得られた分散液を製造例1で製造したポリオレフィン系樹脂多孔フィルムのコロナ処理面にグラビアコーターを用いて乾燥後の厚みが4μmになるように塗布した後、75℃で乾燥した。
得られた積層多孔フィルムの物性評価を行い、その結果を表1にまとめた。
[比較例2]
前記粒子(a)として、ケミパールW100(三井化学社製、固形分:40%、融点:128℃、平均粒径:3μm)73.2質量部、前記樹脂バインダー(b)として、ケミパールEP−150H(三井化学社製、固形分:45%、融点:115℃)7.2質量部を水19.6質量部に分散させた分散液を得た。この時、前記粒子(a)と前記樹脂バインダー(b)との総量に占める前記粒子(a)の割合は90質量%であった。
得られた分散液を製造例1で製造したポリオレフィン系樹脂多孔フィルムのコロナ処理面にグラビアコーターを用いて乾燥後の厚みが4μmになるように塗布した後、75℃で乾燥した。

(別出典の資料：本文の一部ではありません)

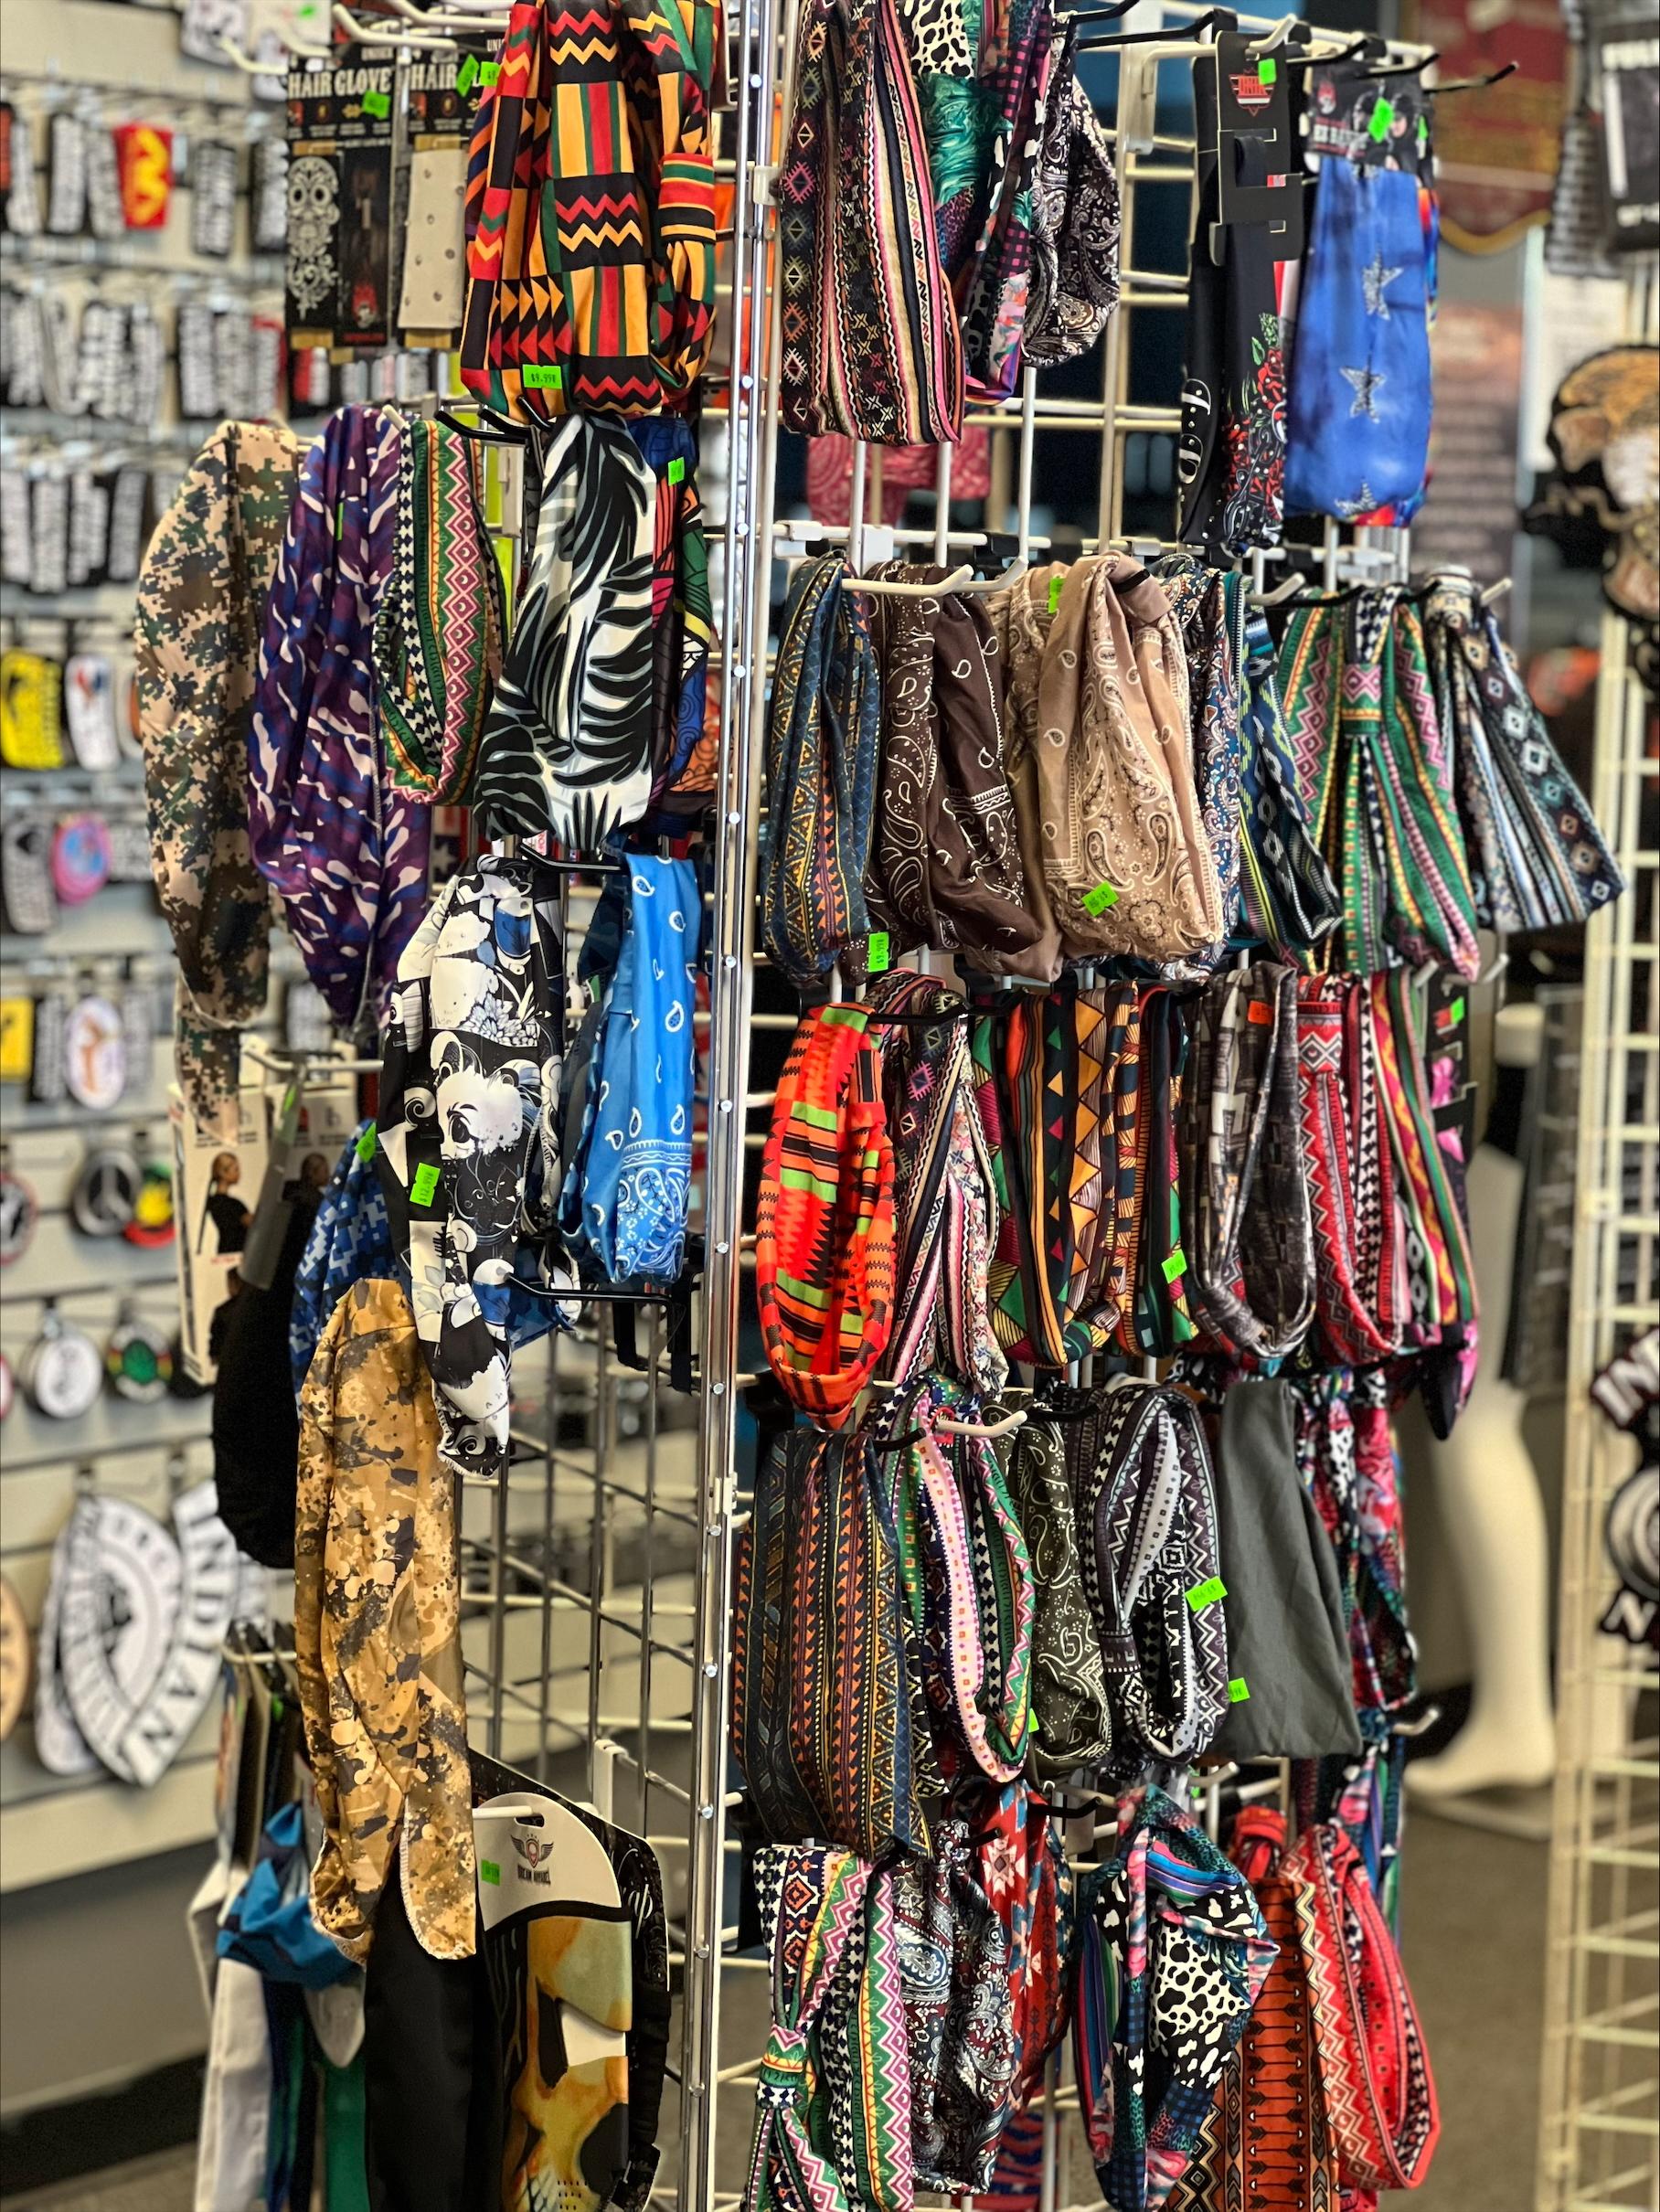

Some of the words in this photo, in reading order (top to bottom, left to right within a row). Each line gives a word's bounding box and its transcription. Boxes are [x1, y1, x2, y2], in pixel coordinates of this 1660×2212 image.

[288, 70, 333, 100] HAIR
[335, 69, 391, 95] GLOVE
[411, 62, 457, 90] HAIR
[124, 1480, 236, 1788] INDIAN
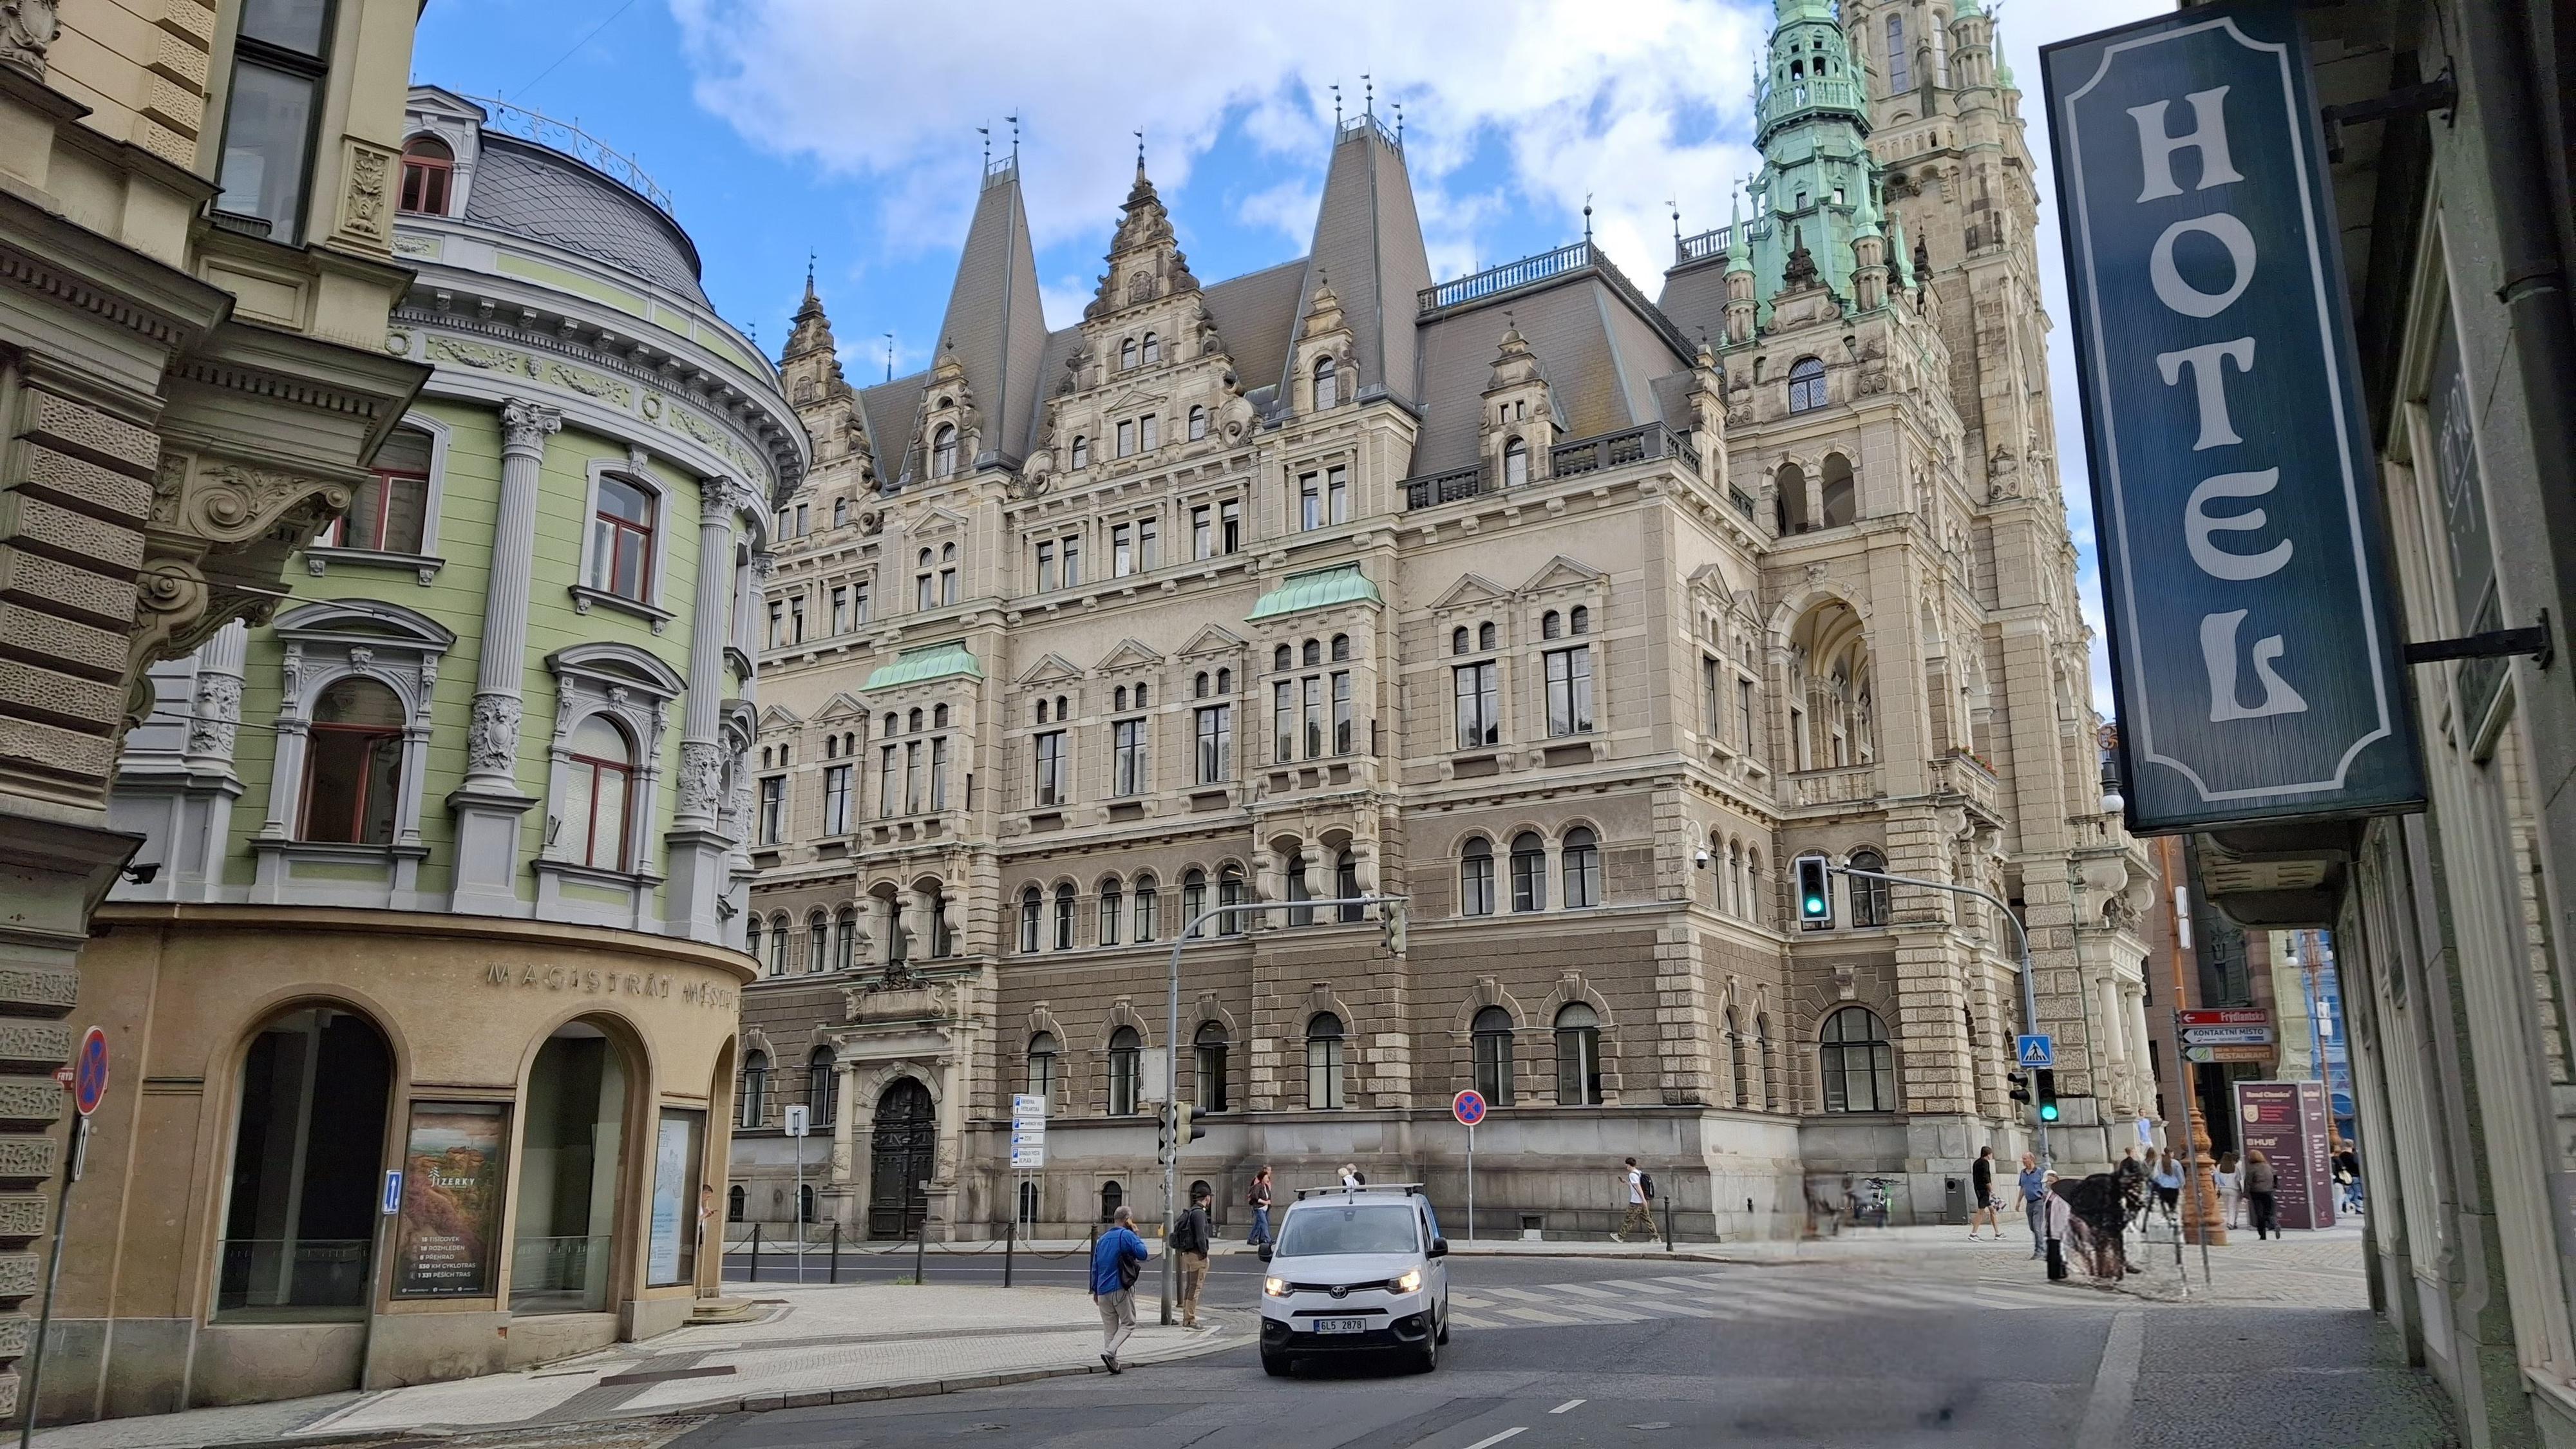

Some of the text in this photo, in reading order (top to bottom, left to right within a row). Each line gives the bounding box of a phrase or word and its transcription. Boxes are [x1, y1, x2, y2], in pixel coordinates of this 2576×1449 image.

得られた積層多孔フィルムの物性評価を行い、その結果を表1にまとめた。
[比較例3]
前記粒子(a)として、ケミパールW300(三井化学社製、固形分:40%、融点:132℃、平均粒径:3μm)73.2質量部、前記樹脂バインダー(b)として、ケミパールEP−150H(三井化学社製、固形分:45%、融点:115℃)3.4質量部を水23.4質量部に分散させた分散液を得た。この時、前記粒子(a)と前記樹脂バインダー(b)との総量に占める前記粒子(a)の割合は95質量%であった。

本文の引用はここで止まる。